“I was reminded when looking at the calendar that October is National Patient-Centered Care month. I was a registered nurse for 35 years and worked in multiple settings before my last nursing administration job in a medium sized healthcare system leading their patient-centered care initiatives. As a former industry executive and naturopathic patient, ND provide true patient-centered care.“
It was at this last position that I was assigned to be the Patient-Centered Care Chairperson for the hospital. It was my assignment to champion the movement within the outpatient and inpatient services. Now I can tell you this was not my first assignment into culture change within a healthcare system, matter of fact, I’ve been involved in numerous campaigns to make the mainstream model of healthcare more patient friendly over my career.
For me it started soon after graduation from nursing school when the institution I was working at agreed to try Primary Care Nursing. It was an attempt to connect the patients to one caregiver who would oversee their healthcare needs and advocate for them. Years later this transformed into team nursing with the same goals. And then nursing adopted the discharge planner and they were to help the patient navigate the system with the goal of discharge being the optimum goal for all.
But in early 2013 when the healthcare system chose me to lead the Patient-Centered Care Committee it seemed like a new paint job on an old car. However this new approach, still tried to make patient care friendly, now also included the physicians. This had never been tried before and I was anxious to see how we would all work together.
For the next three years my committee made some wonderful improvements into our health care system. We were able to add some integrative care modalities into the outpatient setting such as acupuncture, massage therapy, health care coaches, nutrition and lifestyle classes, and yoga classes. But for every success in new programs, we faced failure with changing the care delivery in the outpatient and inpatient setting.
The goal was to provide the care that the patients wanted and needed by making same day access a reality, having every healthcare worker perform at their highest capacity, and ensuring that physicians had more time to spend with each patient. This time could be used to learn what the patient’s goals for their healthcare were and help them to reach them. But like the old saying goes, “We took one-step backwards for every two steps forward.” And some days it felt like two steps backwards. We really made extraordinarily little progress in the primary care clinics and it became a source of frustration for many on the committee.
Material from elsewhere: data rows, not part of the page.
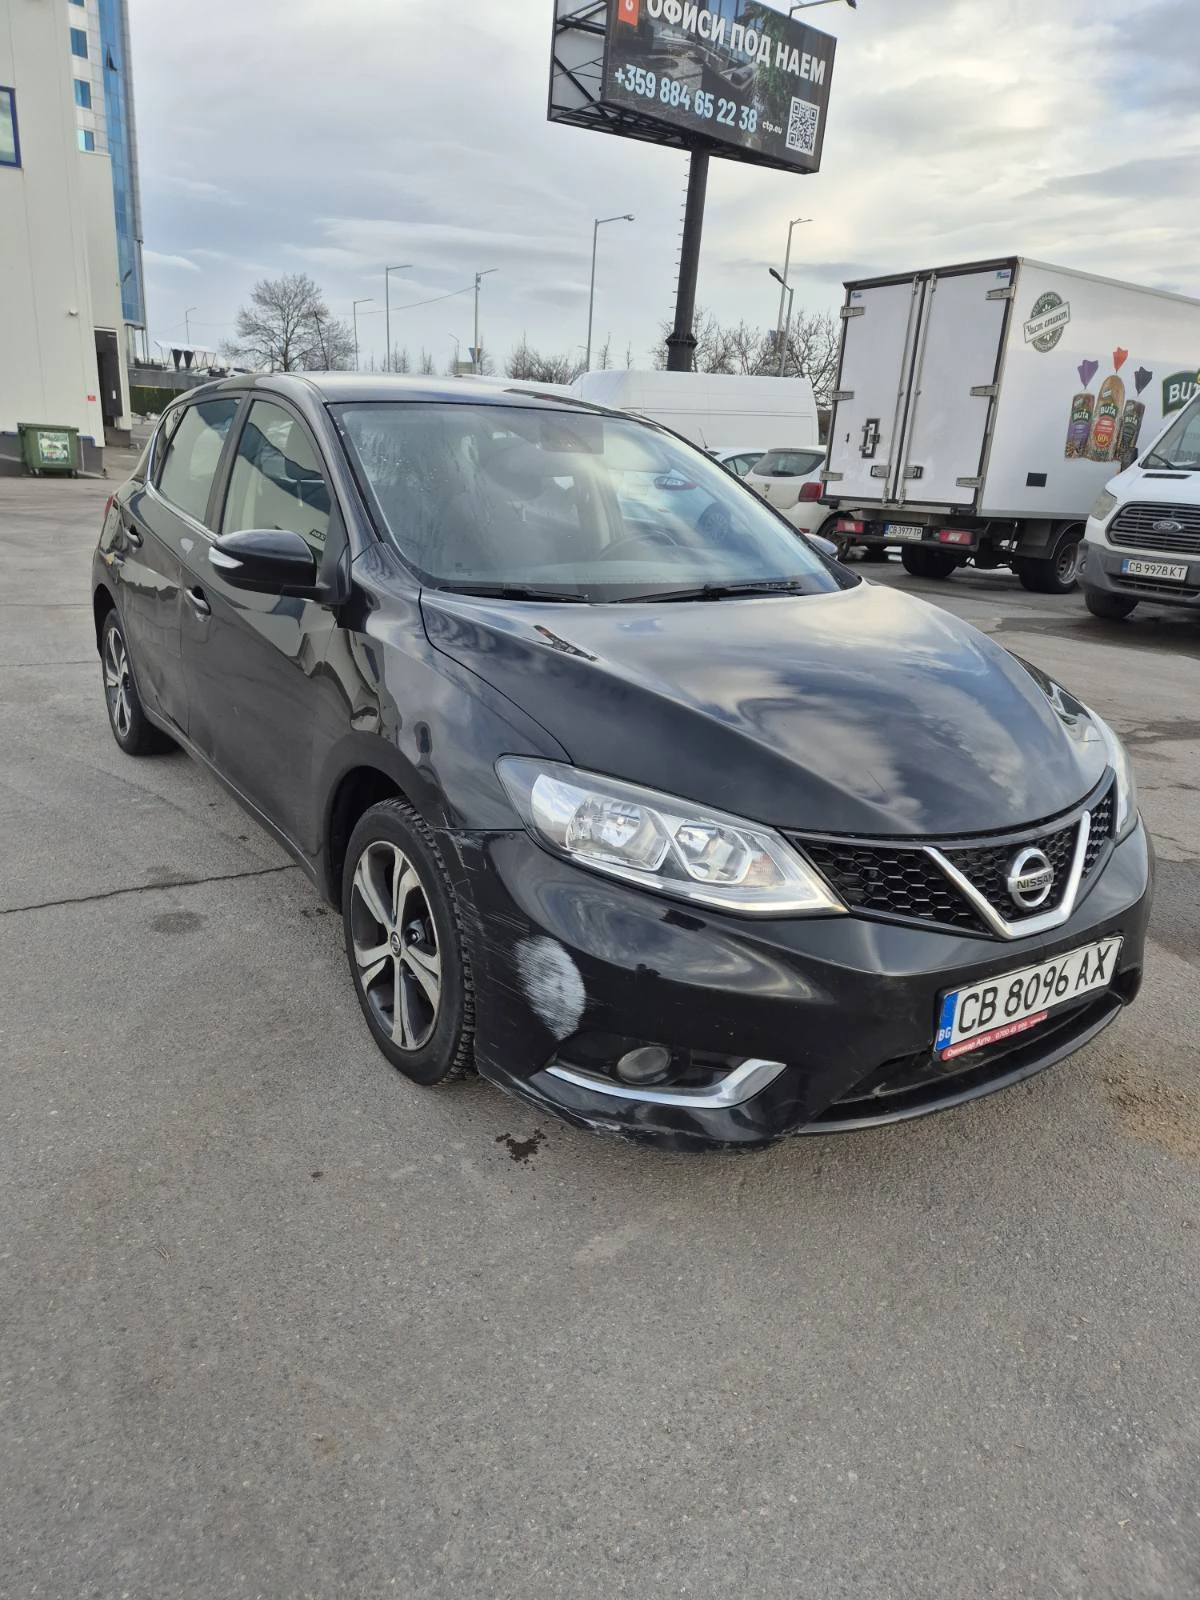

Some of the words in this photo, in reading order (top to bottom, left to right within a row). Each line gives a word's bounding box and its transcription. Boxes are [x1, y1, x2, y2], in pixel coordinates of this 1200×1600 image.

[647, 0, 726, 45] ОФИСИ
[730, 23, 771, 68] ПОД
[775, 42, 826, 85] НАЕМ
[614, 63, 656, 98] +359
[660, 77, 691, 111] 884
[694, 89, 715, 118] 65
[716, 98, 736, 126] 22
[739, 105, 758, 133] 38
[762, 120, 783, 135] ctp.eu
[1129, 562, 1142, 573] CB
[1169, 567, 1185, 577] KT
[1016, 872, 1053, 890] NISSAN
[958, 986, 998, 1034] CB
[1004, 961, 1070, 1018] 8096
[1074, 943, 1114, 991] AX
[938, 1026, 952, 1042] BG
These memories lead me to the now… working at AANMC. The one thing that stands out to me so far is that naturopathic medicine already has what we were striving for in our patient-centered care campaign. This is the whole focus of ND training. They come to this naturally and it seems effortless because that is who they are.
Now do not get me wrong, there is a time and place for everything. When I need emergent medical care for a specific problem, I know I may need an MD. But when I want a primary care doctor that addresses mind, body, and spirit, listens to my needs, goals, and helps me to improve and heal my body, I will take an ND please!